Affaire du Fen-Phen (3) Minimiser les risques

L’affaire du Fen-Phen aux États-Unis arrive sur les talons de nombreux autres scandales sanitaires liés à des médicaments amaigrissants. Dès les années 1930, des produits à base d’amphétamine sont commercialisés, dans un premier temps pour combattre les rhumes (!) puis pour booster les soldats pendant la Seconde Guerre Mondiale1. Des effets amaigrissants étant observés, de nouveaux “traitements” fleurissent dans années 1960 sans grande régulation, promettant aux femmes (contexte cisnormatif) un corps svelte et désirable. Cependant, les pilules miracles commencent à faire des remous : elles sont addictives et causent la mort de nombreuses personnes, notamment de femmes essayant de perdre du poids2.

Malgré des scandales à répétition, la grossophobie historique3 associée à une médicalisation progressive de la grosseur crée un contexte propice au développement de nouveaux médicaments. Sont influencés par ce contexte : les “entrepreneurs de l’ob*sité” (entreprises pharmaceutiques et les chercheur·ses)4, les médecins, les régulateurs·rices et les patient·es. Tous les moyens doivent être mobilisés pour faire face à cette “crise” naissante, pour gagner la “guerre” contre l’ob*sité. Et, dans l’exemple du Fen-Phen comme dans bien d’autres cas, cela amène à sacrifier (consciemment ou non) la sécurité, la santé et le bien-être des personnes grosses.

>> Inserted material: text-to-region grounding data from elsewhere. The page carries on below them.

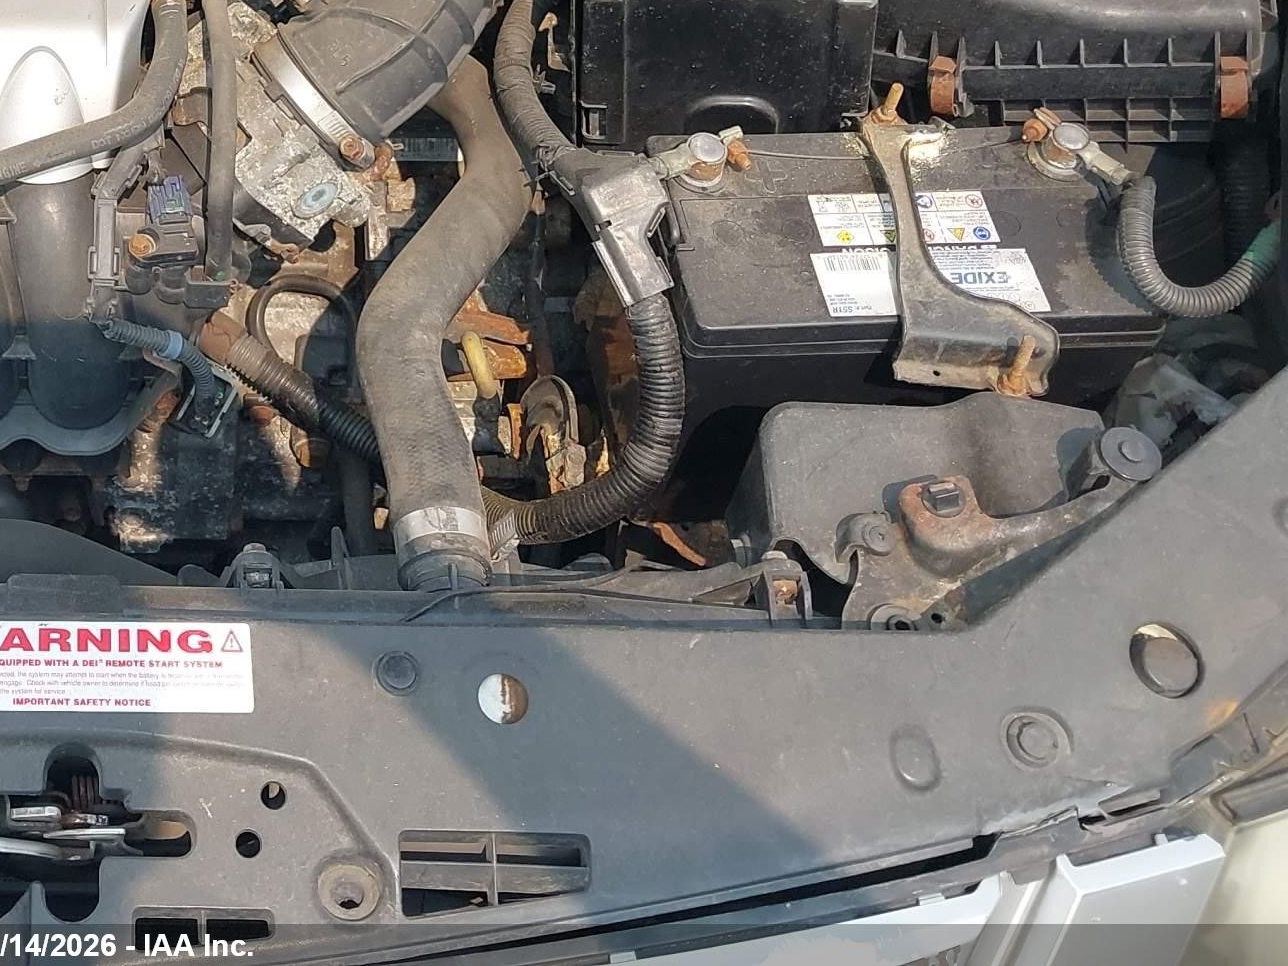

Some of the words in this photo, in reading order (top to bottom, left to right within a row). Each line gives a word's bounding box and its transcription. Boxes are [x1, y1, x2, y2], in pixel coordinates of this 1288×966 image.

[950, 271, 1009, 285] EXIDE
[44, 659, 70, 667] WITH
[72, 659, 80, 667] A
[105, 659, 146, 668] REMOTE
[148, 659, 180, 668] START
[183, 660, 223, 668] SYSTEM
[12, 697, 71, 707] IMPORTANT
[73, 698, 112, 707] SAFETY
[114, 698, 152, 707] NOTICE

Dans le monde de la recherche, les financements (notamment de l’industrie pharmaceutique) dédiés à étudier de nouvelles molécules anorexigènes explosent : il faut mettre les moyens pour endiguer la grosseur. Cela veut aussi dire que les chercheurs·ses vont se concentrer sur ce paradigme pondéro-centré (qui met le poids au coeur du sujet) parce que cela leur permet de payer leur salaire. En parallèle, la recherche non-pondéro-centrée (comme Health At Every Size) est ignorée, délaissée. Conséquence : pas de recherche = pas de résultats = pas d’approche chiffrée pouvant apporter un regard nuancé sur le lien poids/santé.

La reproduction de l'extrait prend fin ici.